In the realm of corporate governance, addressing misconduct within a company becomes particularly critical when an insolvency practitioner is appointed. The Australian Securities and Investments Commission (ASIC) sheds light on the intricacies of this scenario, outlining key points for stakeholders to be aware of and steps to take.
Understanding misconduct within a company
Misconduct within a company arises when directors or company officers breach their duties. This breach extends to individuals not formally holding such positions, commonly known as “shadow directors.” Breaches of duties encompass a spectrum of actions, including unauthorised use of company funds or property, failure to maintain accurate company records, falsification or destruction of records, and the improper transfer of company property.
What to do if you have concerns about a company
Find the insolvency practitioner
Before taking any action, it’s essential to identify the insolvency practitioner appointed to the company. This information is accessible by searching for the company name on ASIC’s Insolvency Notices, which provides details about the insolvency practitioner and any lodged insolvency notices.
Contacting the insolvency practitioner
Once the insolvency practitioner is identified, individuals with concerns should report them directly to the appointed professional. Insolvency practitioners are well-placed to investigate such matters and are legally obligated to report any discovered offences to ASIC during their inquiry.
ASIC’s role and response
ASIC assumes a pivotal role in overseeing corporate conduct, particularly in cases of alleged misconduct after an insolvency practitioner’s appointment. Key points include:
ASIC generally refrains from direct involvement in reported misconduct cases until receiving a formal report from the insolvency practitioner.

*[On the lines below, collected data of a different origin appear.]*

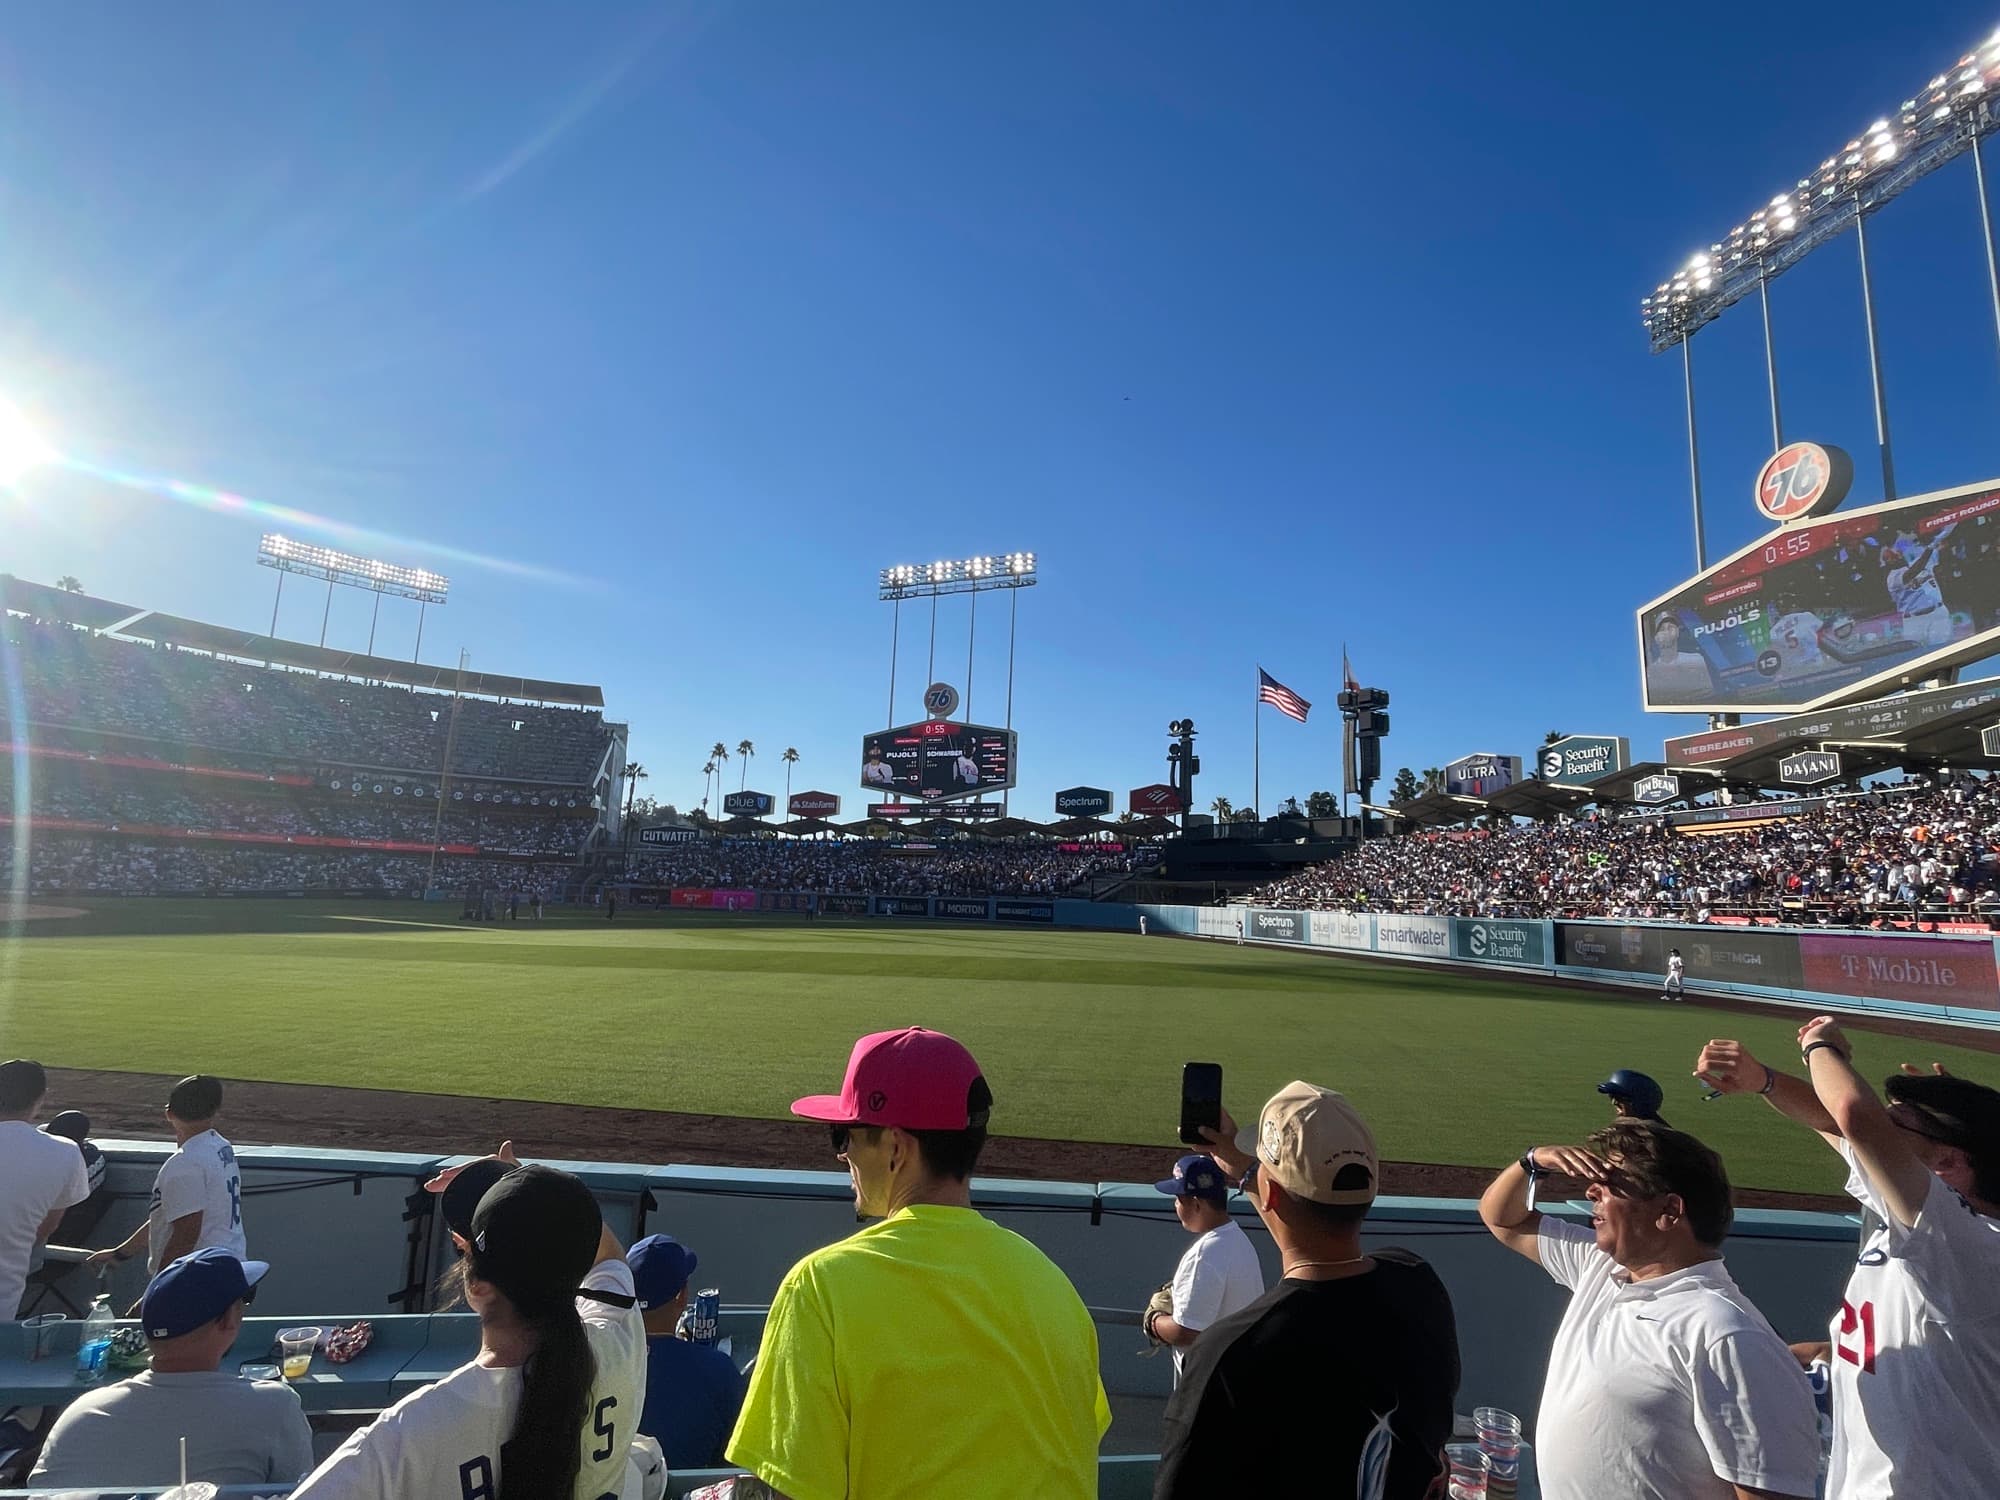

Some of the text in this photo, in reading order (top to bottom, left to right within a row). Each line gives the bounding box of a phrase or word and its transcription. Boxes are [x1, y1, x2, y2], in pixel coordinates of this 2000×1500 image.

[1766, 450, 1821, 511] 76
[1926, 498, 2000, 528] FIRST ROUND
[1764, 533, 1811, 563] 0:55
[1727, 600, 1761, 616] ALBERT
[1693, 609, 1761, 639] PUJOLS
[1759, 658, 1778, 670] 13
[929, 689, 951, 707] 76
[1863, 698, 1910, 711] TRACKER
[1869, 709, 1908, 724] 421'
[925, 725, 945, 734] 0:55
[1799, 722, 1833, 736] 385'
[1565, 745, 1611, 762] Security
[1682, 737, 1754, 756] TIEBREAKER
[1457, 765, 1497, 781] ULTRA
[1567, 759, 1605, 776] Benefit
[1783, 758, 1836, 778] DASANI
[1637, 781, 1652, 799] JIM
[1651, 777, 1676, 794] BEAM
[728, 796, 754, 808] blue
[1058, 797, 1103, 808] Spectrum
[946, 903, 984, 914] MORTON
[1258, 914, 1295, 929] Spectrum
[1340, 924, 1358, 936] blue
[1379, 925, 1446, 946] smartwater
[1490, 925, 1529, 946] Security
[1491, 944, 1524, 961] Benefit
[1712, 951, 1761, 965] BETMGM
[1867, 957, 1957, 986] Mobile
[1838, 1298, 1876, 1375] 21
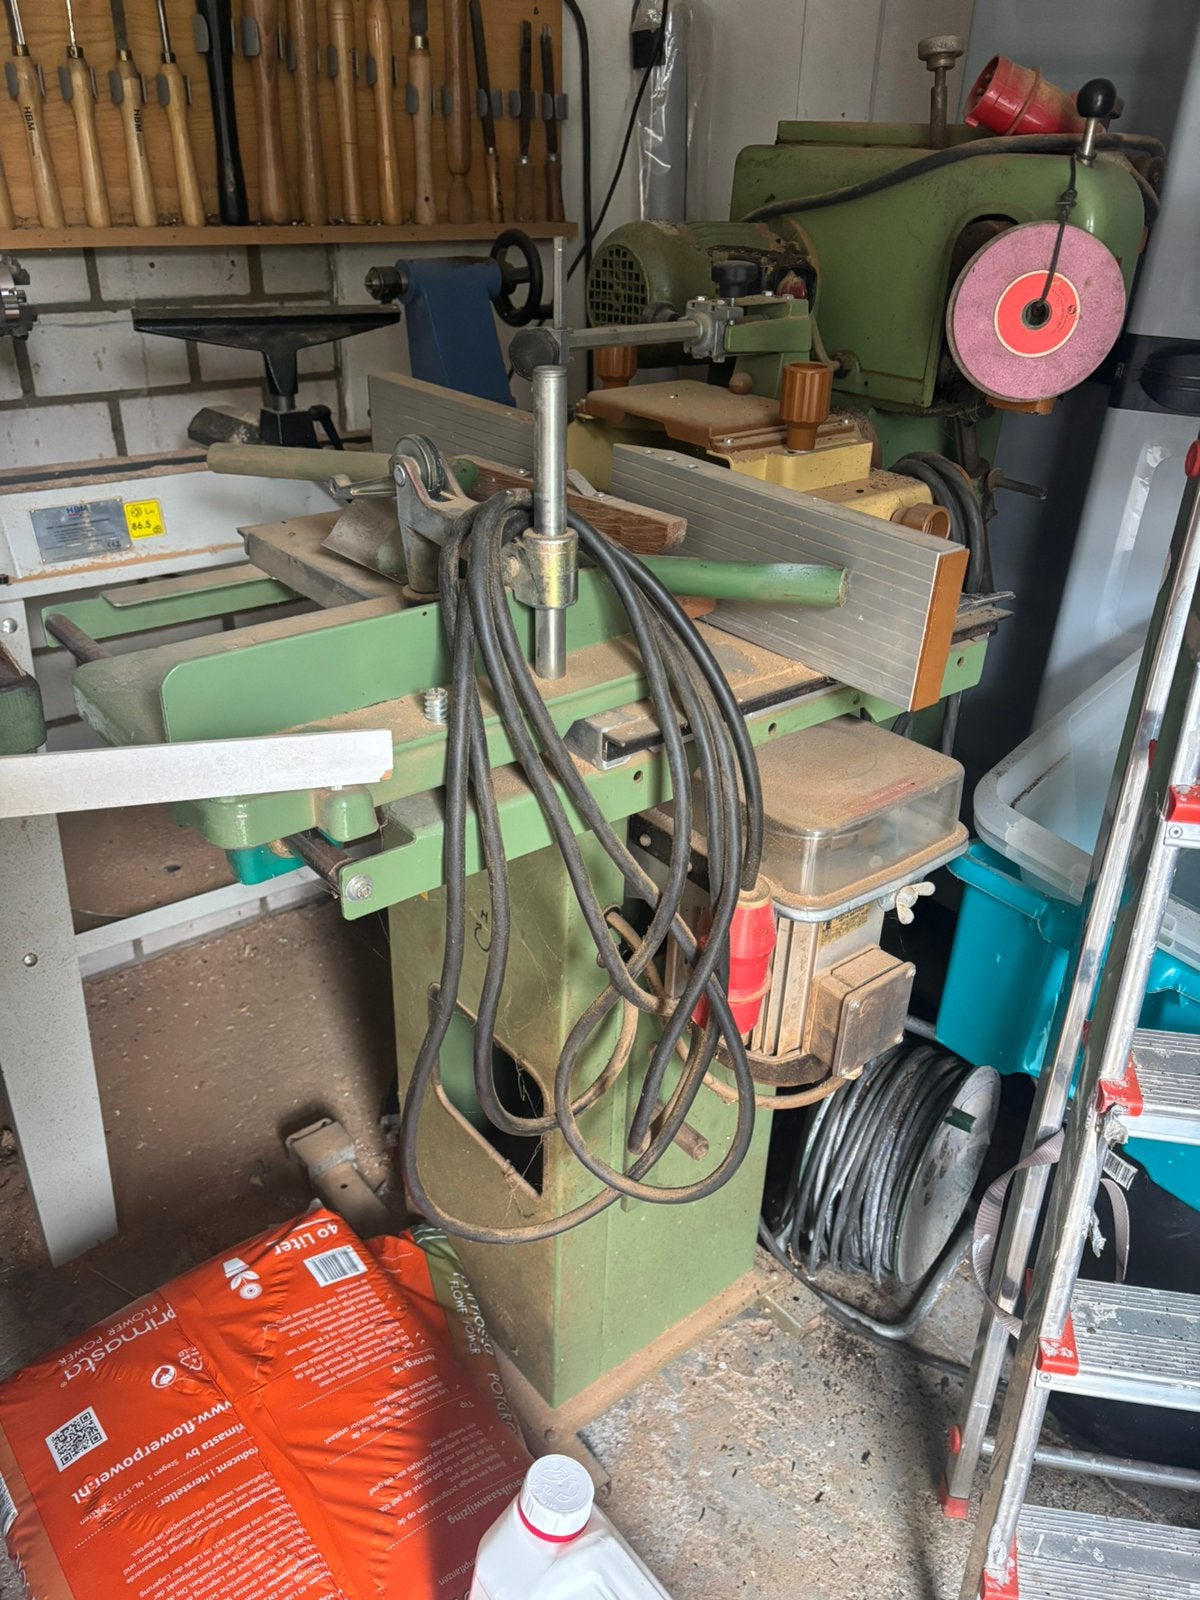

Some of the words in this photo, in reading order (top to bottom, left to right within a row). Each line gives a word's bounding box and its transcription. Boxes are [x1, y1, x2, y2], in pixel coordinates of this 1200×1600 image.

[23, 106, 34, 131] HBM
[133, 108, 142, 133] HBM
[66, 504, 88, 513] HBM
[132, 520, 151, 530] 86.5
[316, 1223, 337, 1238] 40
[274, 1233, 315, 1255] Liter
[107, 1304, 157, 1336] FLOWER
[58, 1336, 102, 1366] POWER
[303, 1367, 315, 1375] dat
[318, 1376, 337, 1387] water
[459, 1400, 474, 1408] Tip
[350, 1413, 378, 1429] Hierdoor
[350, 1431, 361, 1439] de
[185, 1447, 200, 1459] bv
[153, 1459, 179, 1476] Stegen
[395, 1469, 406, 1478] aan
[156, 1473, 209, 1507] Hersteller:
[368, 1482, 383, 1496] geef
[403, 1489, 412, 1497] de
[235, 1492, 248, 1503] und
[390, 1494, 403, 1506] pot
[203, 1500, 235, 1520] Umtopfen
[205, 1501, 215, 1510] für
[416, 1503, 428, 1513] aan
[164, 1507, 205, 1534] Pflanzungen
[250, 1515, 263, 1526] und
[396, 1517, 406, 1525] de
[406, 1511, 415, 1519] op
[191, 1519, 203, 1528] von
[154, 1532, 164, 1541] im
[226, 1523, 251, 1540] können
[237, 1525, 266, 1545] beziehen
[130, 1539, 155, 1556] Garten.
[212, 1537, 226, 1549] sich
[223, 1543, 236, 1555] sich
[137, 1545, 162, 1564] Balkon-
[202, 1547, 212, 1556] im
[211, 1551, 222, 1562] auf
[231, 1547, 248, 1561] dicht
[183, 1553, 203, 1567] Laufe
[197, 1559, 211, 1570] den
[252, 1554, 276, 1572] können
[122, 1562, 136, 1575] und
[126, 1552, 169, 1583] Pflanzenerde
[171, 1565, 183, 1575] der
[225, 1567, 237, 1577] der
[165, 1568, 198, 1591] Zeitpunkt
[258, 1567, 276, 1581] Nicht
[139, 1573, 171, 1597] Lagerung
[193, 1575, 225, 1596] Lagerung
[219, 1570, 252, 1593] natürliche
[233, 1578, 258, 1597] direkter
[277, 1580, 294, 1593] nach
[154, 1588, 165, 1600] der
[175, 1586, 188, 1596] Die
[297, 1585, 306, 1593] 40
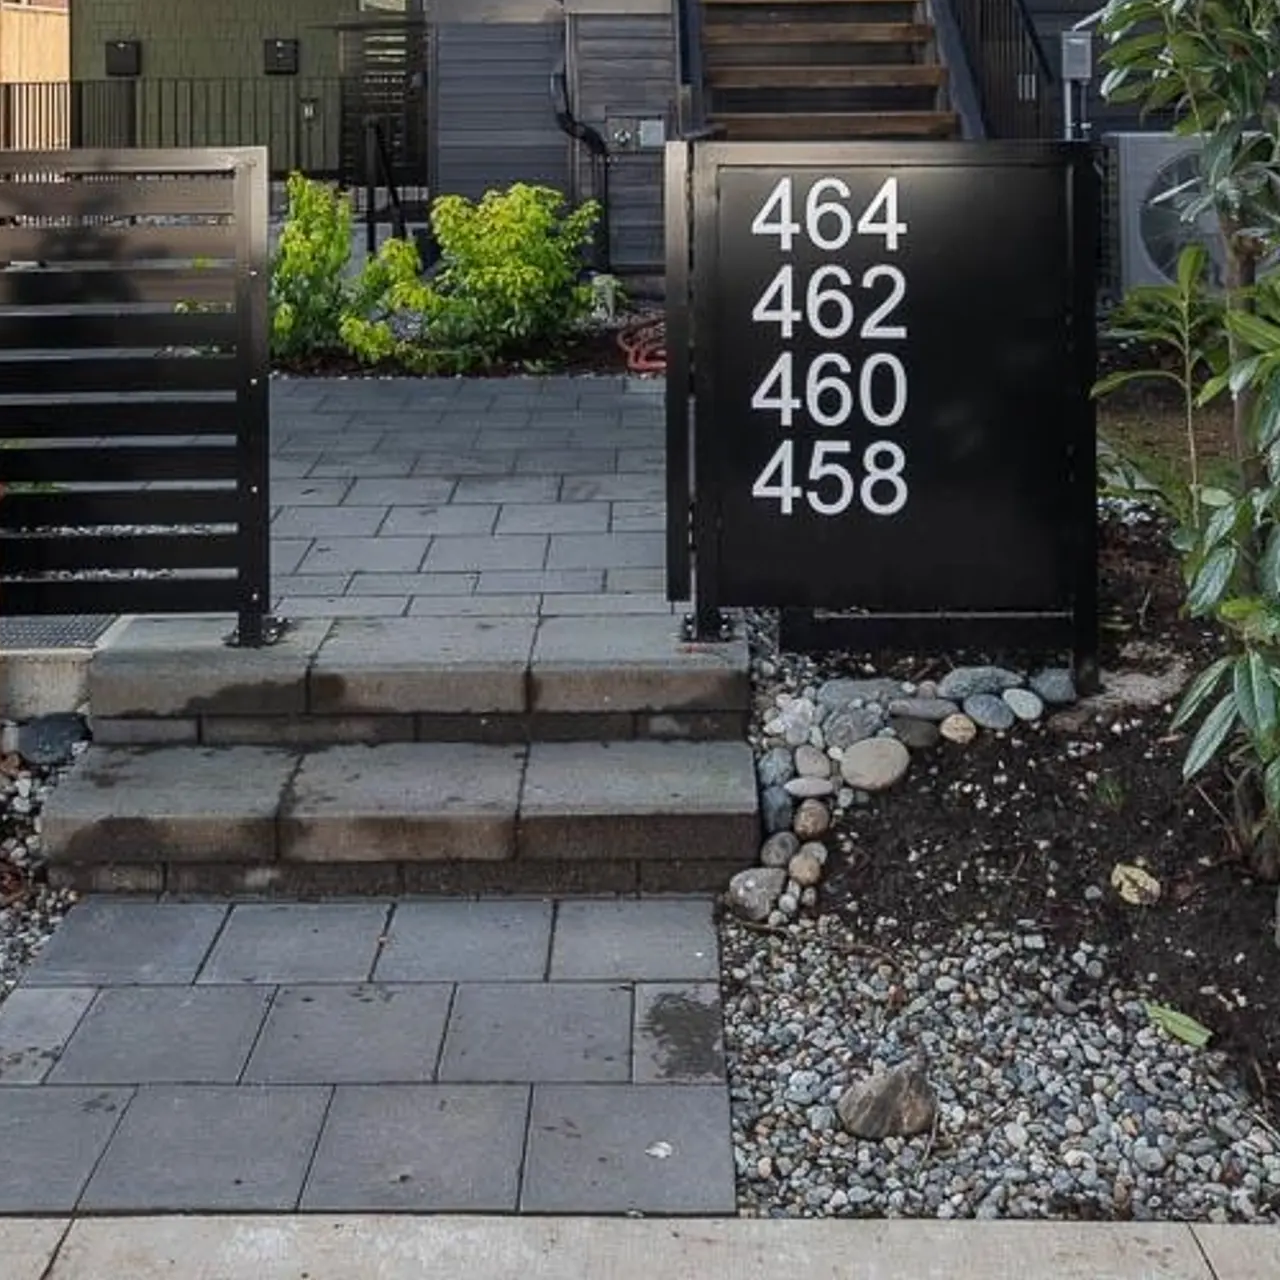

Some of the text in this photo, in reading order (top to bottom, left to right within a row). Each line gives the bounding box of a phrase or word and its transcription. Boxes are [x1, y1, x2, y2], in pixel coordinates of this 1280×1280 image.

Insolvency practitioner reporting
The insolvency practitioner is mandated to report to ASIC if there are suspicions of any offences committed by individuals connected to the company that is under external administration. These reports, however, remain confidential and are not accessible to the public.
ASIC commits to taking action only when there is sufficient evidence, and such action promises a significant regulatory impact, benefiting the broader public. The focus is on punishing misconduct or imposing bans on directors managing companies.
Addressing concerns about insolvency practitioner conduct
For concerns related to the conduct of an insolvency practitioner, complaints can be lodged with ASIC.
Navigating misconduct within a company during external administration requires a strategic approach. Stakeholders must be proactive in identifying the insolvency practitioner, reporting concerns promptly, and understanding ASIC’s role in addressing such issues. By adhering to these guidelines, individuals contribute to upholding corporate integrity and safeguarding the interests of the wider public.